It was sort of a ridiculous situation but there was something amazing in it. At least for me there was. You don't come back from those easily nor do you want to come back when you meet special people.

My friend Karen is also not what I expected to find in my blogging journeys. The first time we met we bonded over people wanting to touch our hair as if we were pet store animals to be petted. Last year when she sent me her published book, The Beauty of Different, there was a chapter in it that included Jenny and I used that book to talk to my female students about their worth and value and the importance of being different. It has become a sort of workbook for me as I use it to start conversations with adolescent girls about fitting in and accepting ourselves the way we are. A lesson that, truthfully, I must learn as well as teach.

I guess I didn't expect a whole lot of what blogging has been for me.

When Jenny bought herself this red dress and wrote about what it meant for her I was struck by meaning of it all. The part of Jenny's post on The Traveling Red Dress that got to me the most was this:

“I want, just once, to wear a bright red, strapless ball gown with no apologies. I want to be shocking, and vivid and wear a dress as intensely amazing as the person I so want to be. And the more I thought about it the more I realized how often we deny ourselves that red dress and all the other capricious, ridiculous, overindulgent and silly things that we desperately want but never let ourselves have because they are simply “not sensible”.”

Here is the thing about being so far from normal: that eccentric and different part of who you are looks at the ‘normal’ people in life and thinks they have it easier. What a terrible lie we tell ourselves in that. Rather, that’s a terrible lie I tell myself. Sometimes I believe it. Sometimes I pretend to be normal. It’s an ongoing internal struggle. I have faked normal most of my life because I don't want anyone to see my weaknesses. In doing this, I come off as strong-willed and confident and sometimes I am just that.

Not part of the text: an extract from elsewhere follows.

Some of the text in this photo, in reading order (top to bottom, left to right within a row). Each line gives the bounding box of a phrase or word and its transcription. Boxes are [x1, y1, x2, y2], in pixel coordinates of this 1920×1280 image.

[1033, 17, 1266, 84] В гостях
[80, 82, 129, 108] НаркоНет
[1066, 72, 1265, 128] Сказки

Why did I need this red dress?

Earlier this decade all I could do was think about how exhausted I was. My life was just so tiring. It has always been challenging. Not much comes to me easily and I wasn’t always this person that far too many folks think has it all together. But I did assume, falsely, that if I worked hard and followed all the rules that I was previously breaking that things would get easier. Without going into too much detail, let me just say that my American Dream isn’t shaping up to be how I want. People I trusted let me down, people I once loved stole lots of money from me, and people took as much as they could take from me. All the while I have maintained a semblance of normalcy and get-it-togetherness in a strangely ridiculous life.

It’s more than that.

I want things. I want a sense of normal. I want these things that I kept seeing everybody else having and I can’t master it. I want to fit in somewhere that isn’t a place of my own making.

How silly is that? I have this perfectly ridiculous life and I want ‘normal’.

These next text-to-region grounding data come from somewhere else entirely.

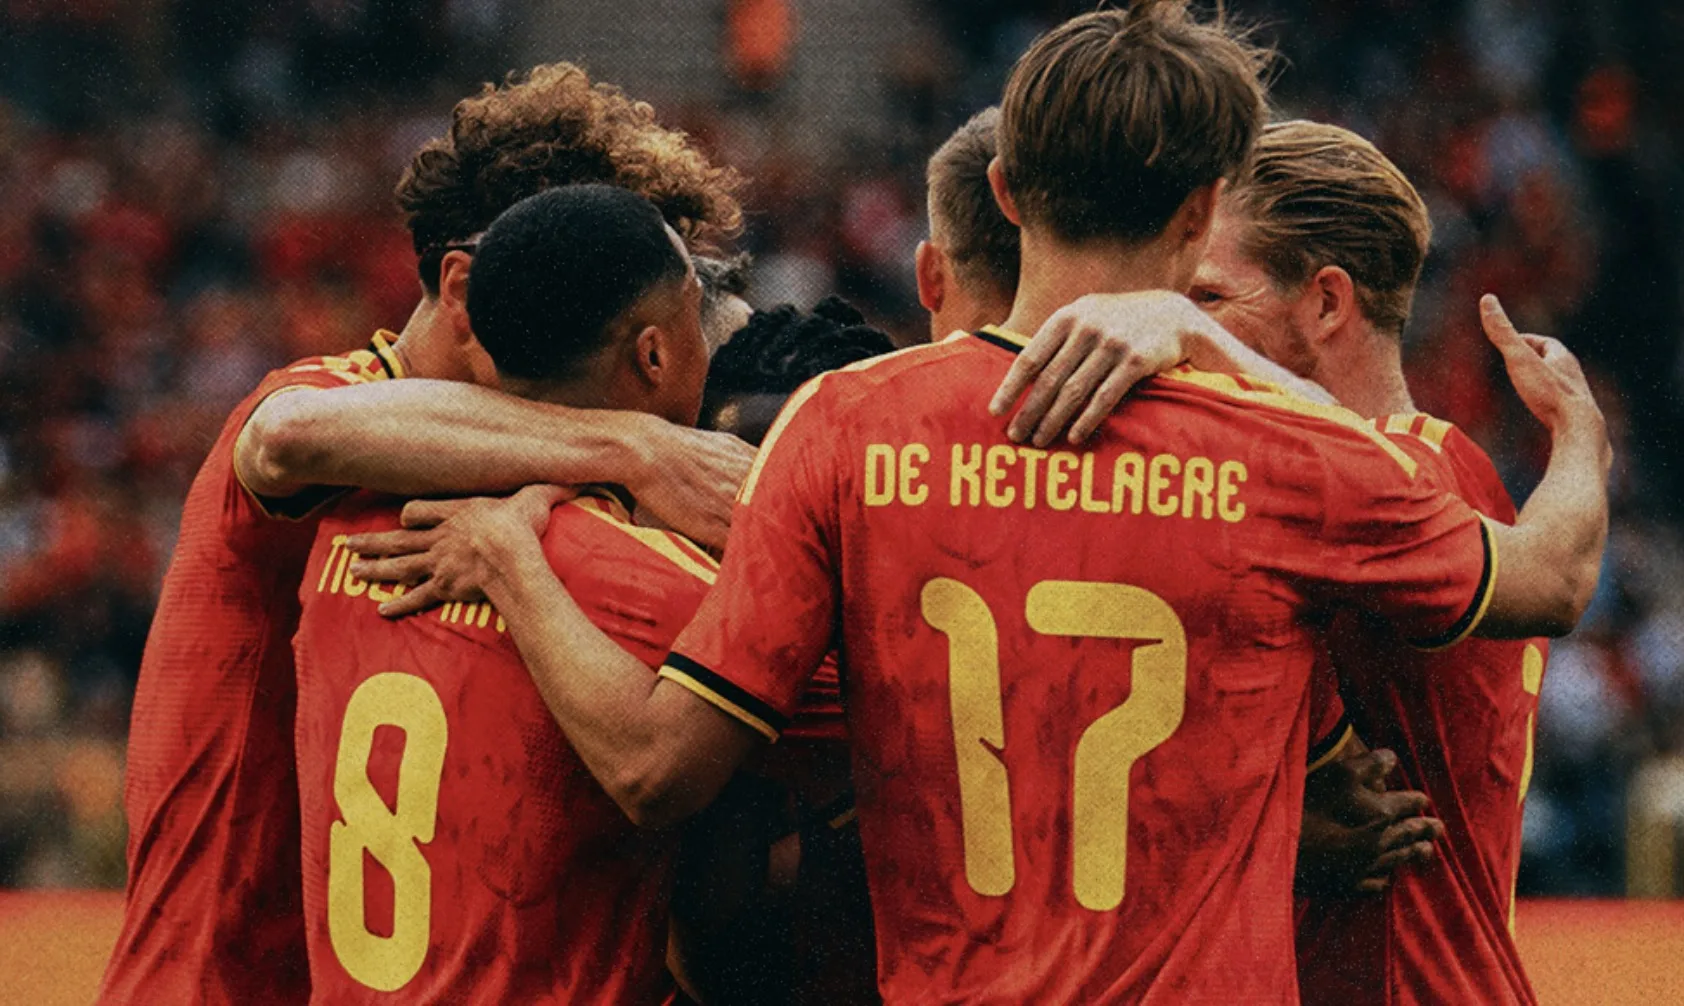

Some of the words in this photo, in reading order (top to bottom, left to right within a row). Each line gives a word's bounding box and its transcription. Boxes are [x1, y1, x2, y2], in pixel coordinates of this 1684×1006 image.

[864, 443, 930, 506] DE
[950, 443, 1248, 523] KETELAERE
[328, 672, 448, 991] 8
[920, 577, 1187, 911] 17
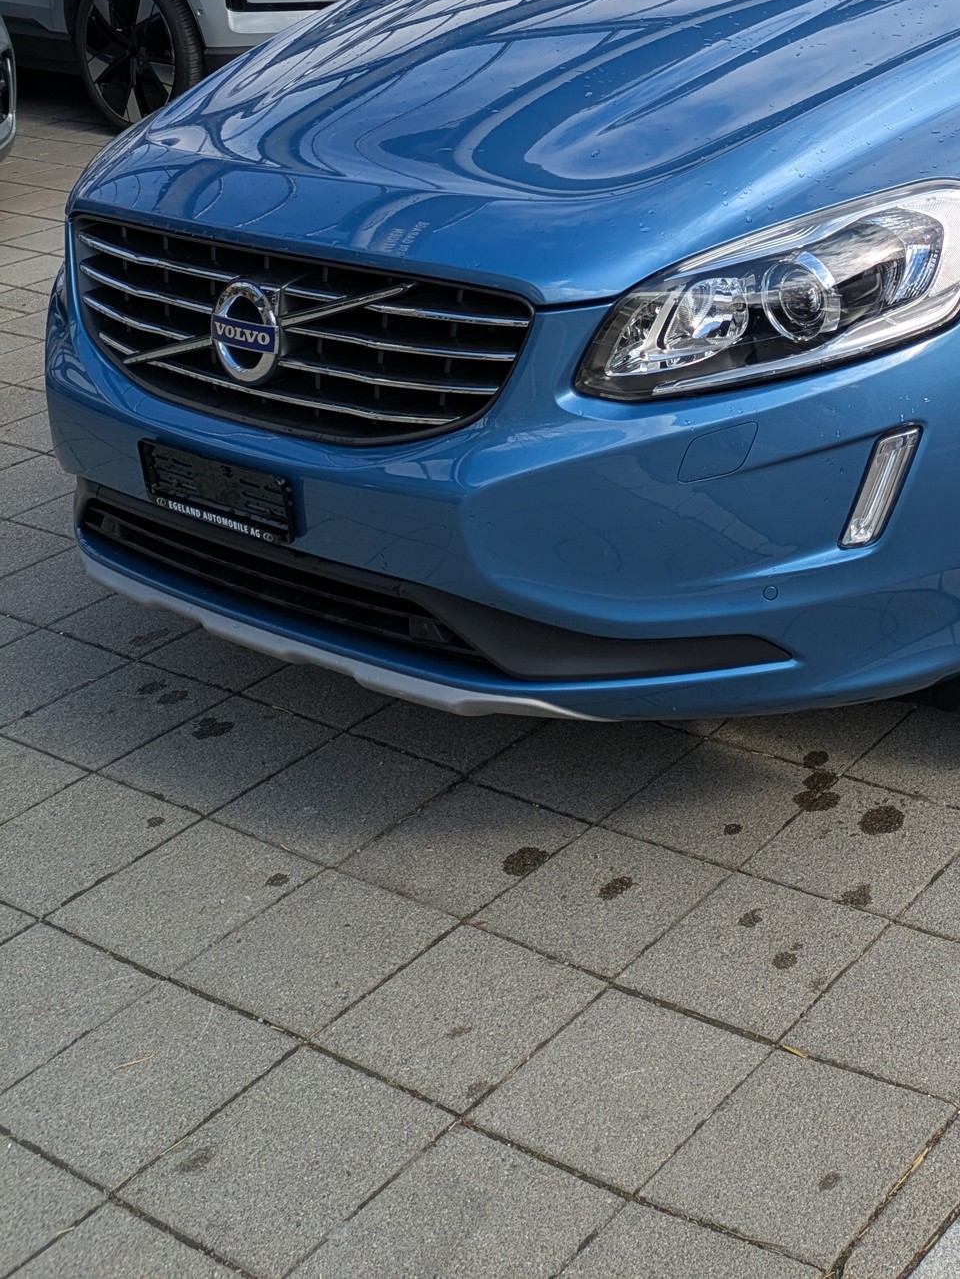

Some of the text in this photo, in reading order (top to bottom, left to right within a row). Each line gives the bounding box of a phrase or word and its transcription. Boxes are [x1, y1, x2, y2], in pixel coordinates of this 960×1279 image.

[215, 321, 270, 345] VOLVO
[168, 500, 261, 538] EGELAND AUTOMOBILE AG

But Jenny is right. The reason I am so attracted to the philosophical idea of the red dress is because it is a “shockingly inappropriate or overindulgent thing that we long for all our lives but deny ourselves because it’s not sensible”. I don’t always think so, but I suppose I am shockingly inappropriate. Not so on the overindulgent, because that is something I cannot afford. Inappropriate because of the path my life has taken. I am ultimately responsible for that because, at any time, I could have gotten off that path and created a new one, but I think I really do like this one. Having babies when I was in high school, placing one for adoption only to find her 21 years later, walking out on a failing, crumbling marriage while trying to finish grad school and get a new job, going into educational administration in the midst of creating a writing career – these aren’t things I know to be appropriate or whatever the opposite of overindulgence is. Underindulgent? Normal?

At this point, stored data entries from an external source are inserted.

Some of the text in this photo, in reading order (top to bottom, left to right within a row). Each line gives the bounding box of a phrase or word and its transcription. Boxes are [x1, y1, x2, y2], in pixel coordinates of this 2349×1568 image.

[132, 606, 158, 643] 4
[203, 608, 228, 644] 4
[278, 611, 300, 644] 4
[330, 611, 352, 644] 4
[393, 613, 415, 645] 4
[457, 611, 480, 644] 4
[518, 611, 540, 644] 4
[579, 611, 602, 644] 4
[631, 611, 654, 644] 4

But I’m not normal. If my title walks in the room before I do then people don't know what to expect. Whatever it is that's expected, it is certainly not the me I know and like. You know what I like? I like being an assistant principal that doesn't look or act like the majority of them out there. I like that my students grow up and stay in touch with me and come over for dinner. I like that my students know where I live and ring the doorbell just to say hi or meet me at a coffeeshop to talk books and life. I like that I have stories and share them here.

Lately, that's been another struggle. The Me who I like gets challenged on telling stories. Either I hear "write more about your school experiences" or "write less about your school experiences". I hear "write more about race" or "write less about race". Too often, I stop myself from writing freely because if you knew the real struggles and that didn't fit with accepted norms from an assistant principal then...well, I don't know what would happen. We writers, we start blogs to explore our core beliefs and experiences in writing and that makes us feel less alone. As time goes on we realize just who is reading and then, at least for me this is true, pull back from it all.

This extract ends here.